A picture from the window of Book Hampton in Southampton, NY taken by my friend Rachel Meis
As I’ve admitted time and time again (almost as if I have no impulse control—ahem), for the first few weeks after my book came out, I spent a psychotic amount of my time trolling the Internet for Semi-Charmed Life reviews.
Sad, but true, especially since I nodded so agreeably each time a kind friend told me not to pay attention to the reviews, as reviewers can sometimes forget that there’s a person on the other end feeling stung. Totally. I won’t even look. Until five minutes from now.
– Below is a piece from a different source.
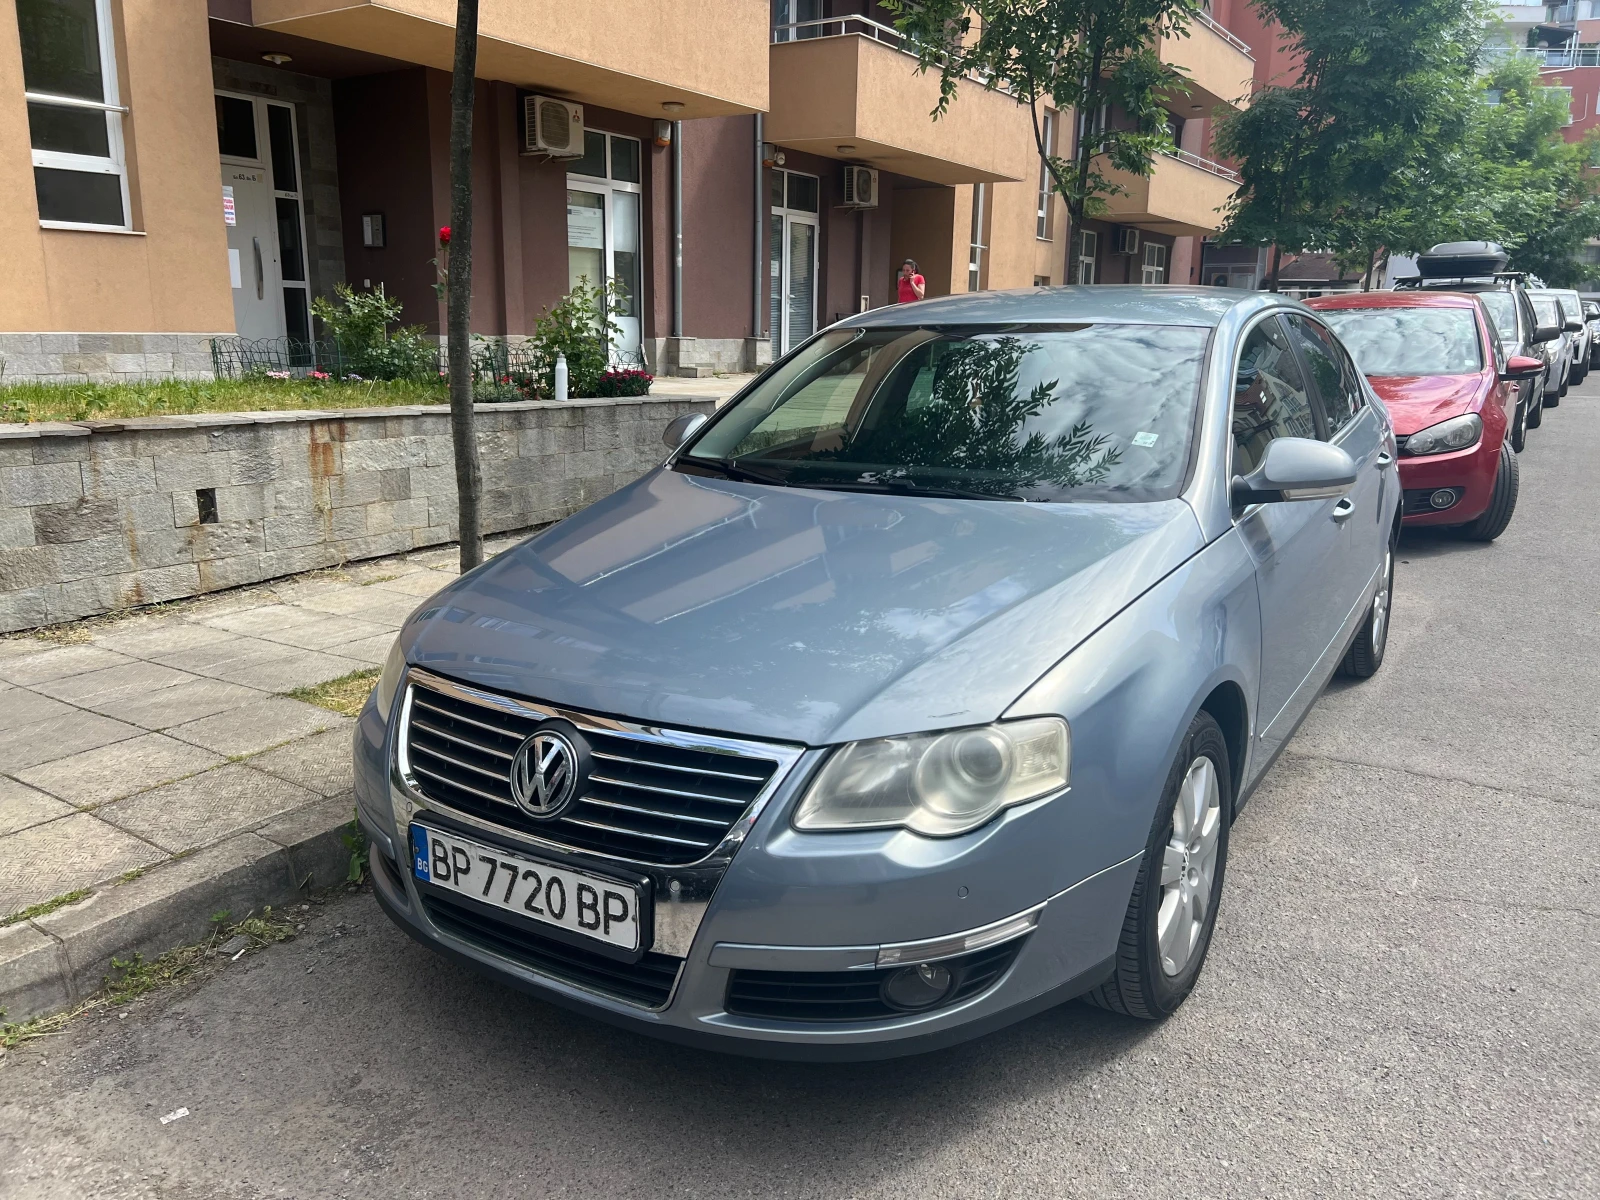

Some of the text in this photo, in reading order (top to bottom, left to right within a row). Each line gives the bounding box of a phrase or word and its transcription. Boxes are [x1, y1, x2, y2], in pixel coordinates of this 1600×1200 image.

[513, 735, 573, 814] VW
[417, 857, 429, 873] BG
[431, 837, 629, 936] BP 7720 BP
When I will be huddled over my laptop, rocking and mumbling like a lunatic.
I read a lot of tweets recounting the lyrics of the 90’s song by the same name and I’m here to report that there are some very angsty people out there and some really big Third Eye Blind fans. But I also came across some great write-ups, on top of the ones I was lucky enough to anticipate in advance from ELLE, Daily Candy, Flavorpill and The Pittsburgh Post Gazette (to name a few, if I MUST!).
Honestly, I would list every amazing blog write-up here, if I could without seeming like a total … I was going to say “crazy person” but I’ve sort of already established myself as that above. And, in a way to me, they’re all amazing because you can’t possibly please everyone, but you just have to feel grateful that people are reading the book!
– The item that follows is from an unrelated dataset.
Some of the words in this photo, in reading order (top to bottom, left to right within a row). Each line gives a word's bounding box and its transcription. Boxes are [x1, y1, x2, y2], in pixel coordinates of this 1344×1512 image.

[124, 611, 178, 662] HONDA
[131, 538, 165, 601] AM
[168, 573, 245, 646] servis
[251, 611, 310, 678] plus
And then a couple days ago, I realized something: I’d missed one! There are a few major publishing trade publications, who generally review books before they come out. One is Publisher’s Weekly and they were kind enough to checkout and write-up SCL. My publisher had mentioned that Booklist, another of these trades which largely targets librarians, was reviewing the novel. Suddenly, I remembered that I’d never seen it.
I emailed my publicist at St. Martin’s Press, who sent it over right away. And it was good! And it kind of captured the book! And it was from July 1! And I was psyched! And here it is:
[***SPOILER ALERT! Gives away a lot of plot!]
Semi-Charmed Life.
Zelevansky, Nora (Author) Jul 2012. 304 p. St. Martin’s/Griffin, paperback, $14.99. (9781250001184).
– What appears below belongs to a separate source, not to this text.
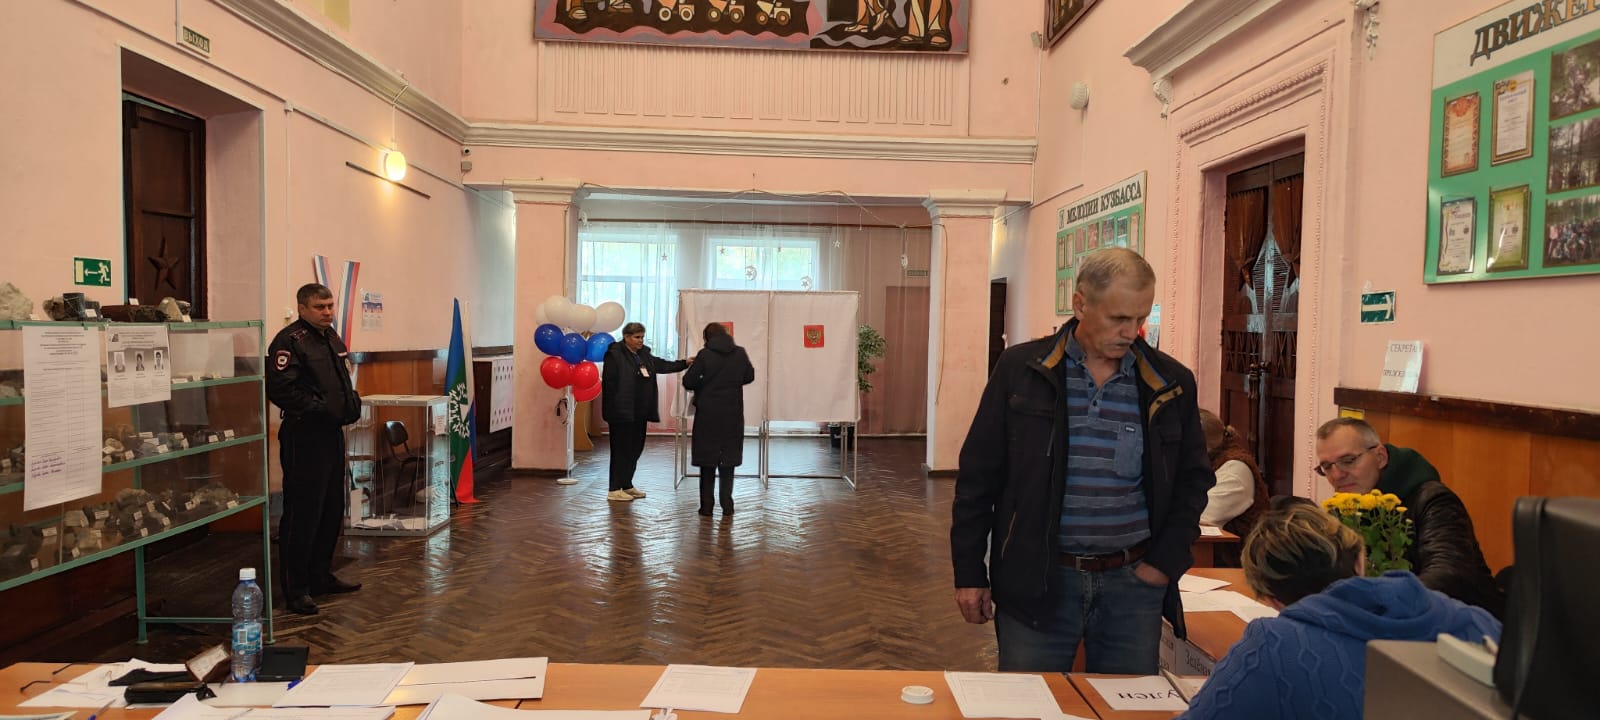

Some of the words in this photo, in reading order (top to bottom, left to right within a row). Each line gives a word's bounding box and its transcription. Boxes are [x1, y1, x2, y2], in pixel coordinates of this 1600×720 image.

[184, 29, 209, 52] ВЫХОД
[1066, 198, 1098, 224] МЕЛОДИИ
[1100, 180, 1142, 212] КУЗБАССА
Chick lit takes a trip down the rabbit hole in this first novel. Twenty-one-year-old Beatrice Bernstein, of the Upper West Side artist Bernsteins, has never left New York City. A flu-induced wish on a mohawked pigeon starts a strange journey through her senior year in college. First, her student housing is a basement apartment full of cockroaches. Then, instead of studying Latin American literature, she finds herself ghost- writing a blog about the art world for socialite Veruca Pfeffernoose. She also gets a new wardrobe, travels around the world, alienates best friend Dolly, foils a plot by thieving hipster goons, and, of course, gets the guy. One thing she does not do is figure out how to navigate Veruca’s ever-changing loft, until she starts to follow disappearing clues found in her precious moleskin notebook. Beatrice is hard not to like, smart but just naive enough to get caught up in Veruca’s fabulous world. The narration is full of giddy pop-culture references, and the story is told with a sort of gleeful cynicism that only fails at the too-neat ending.
— Susan Maguire
There’s hardly ever such thing as a perfect review, but I think, even from the midst of my book insanity haze, that you have to walk away feeling good about the overwhelming positives because otherwise you really will lose your mind.
xo – N.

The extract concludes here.